(What the exercise asks)
Leave the pictures out and print every record below exactly as it stands.

Dataset items:
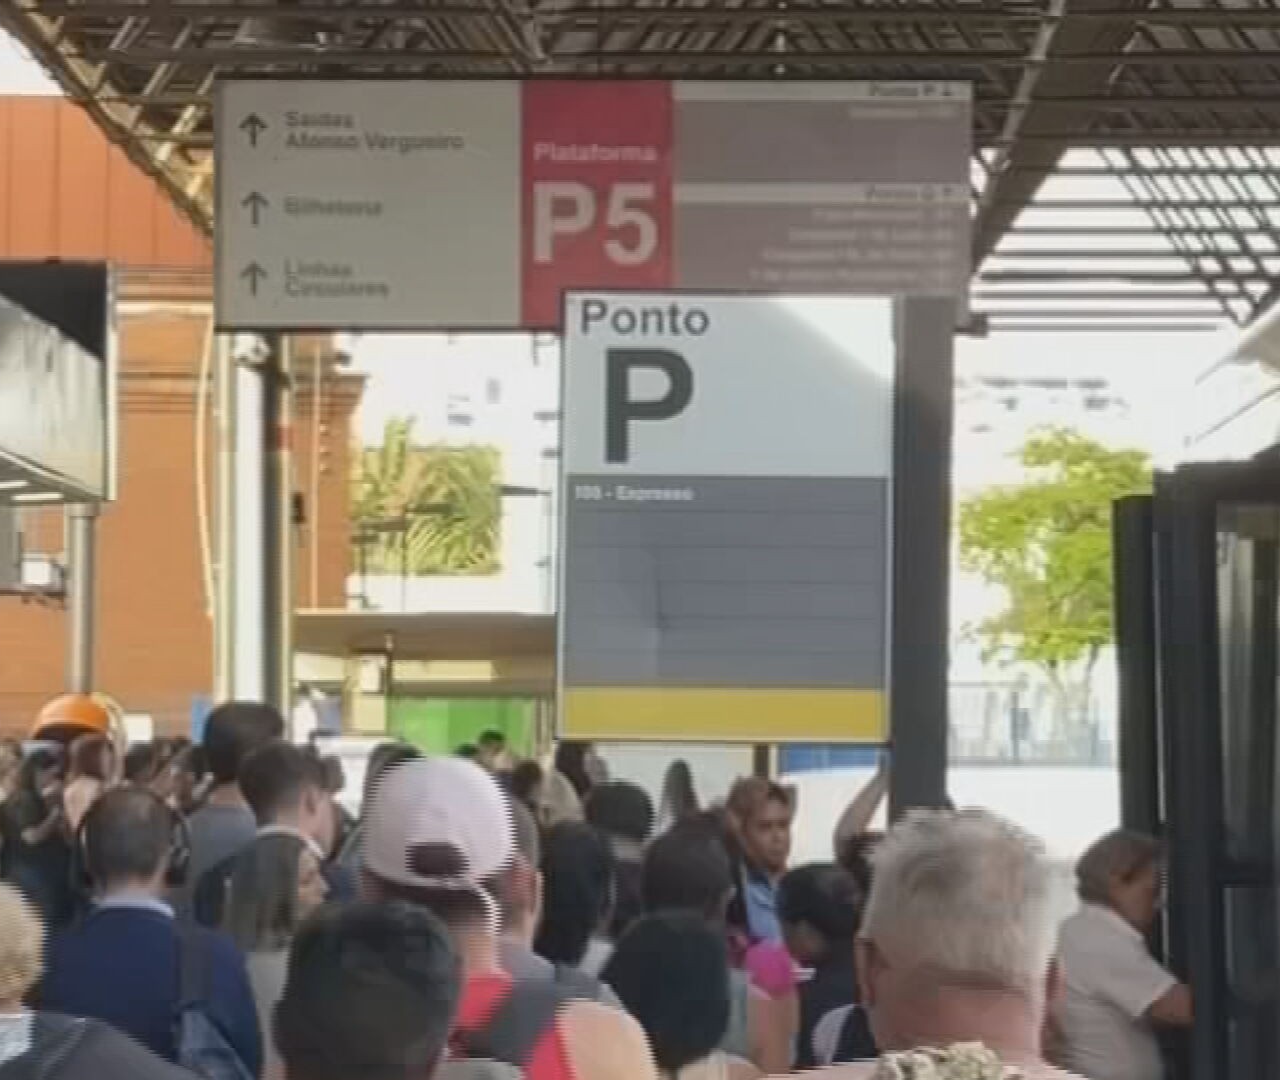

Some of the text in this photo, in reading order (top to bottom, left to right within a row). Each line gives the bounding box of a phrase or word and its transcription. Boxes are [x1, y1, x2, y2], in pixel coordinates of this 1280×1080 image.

[534, 142, 657, 162] Plataforma
[534, 182, 658, 264] P5
[581, 299, 710, 336] Ponto
[604, 347, 694, 464] P

(Solution to the exercise)
Some of the text in this photo, in reading order (top to bottom, left to right within a row). Each line gives the bounding box of a phrase or word and its transcription. Boxes are [x1, y1, x2, y2], in pixel coordinates of this 1280×1080 image.

[534, 142, 657, 162] Plataforma
[534, 182, 658, 264] P5
[581, 299, 710, 336] Ponto
[604, 347, 694, 464] P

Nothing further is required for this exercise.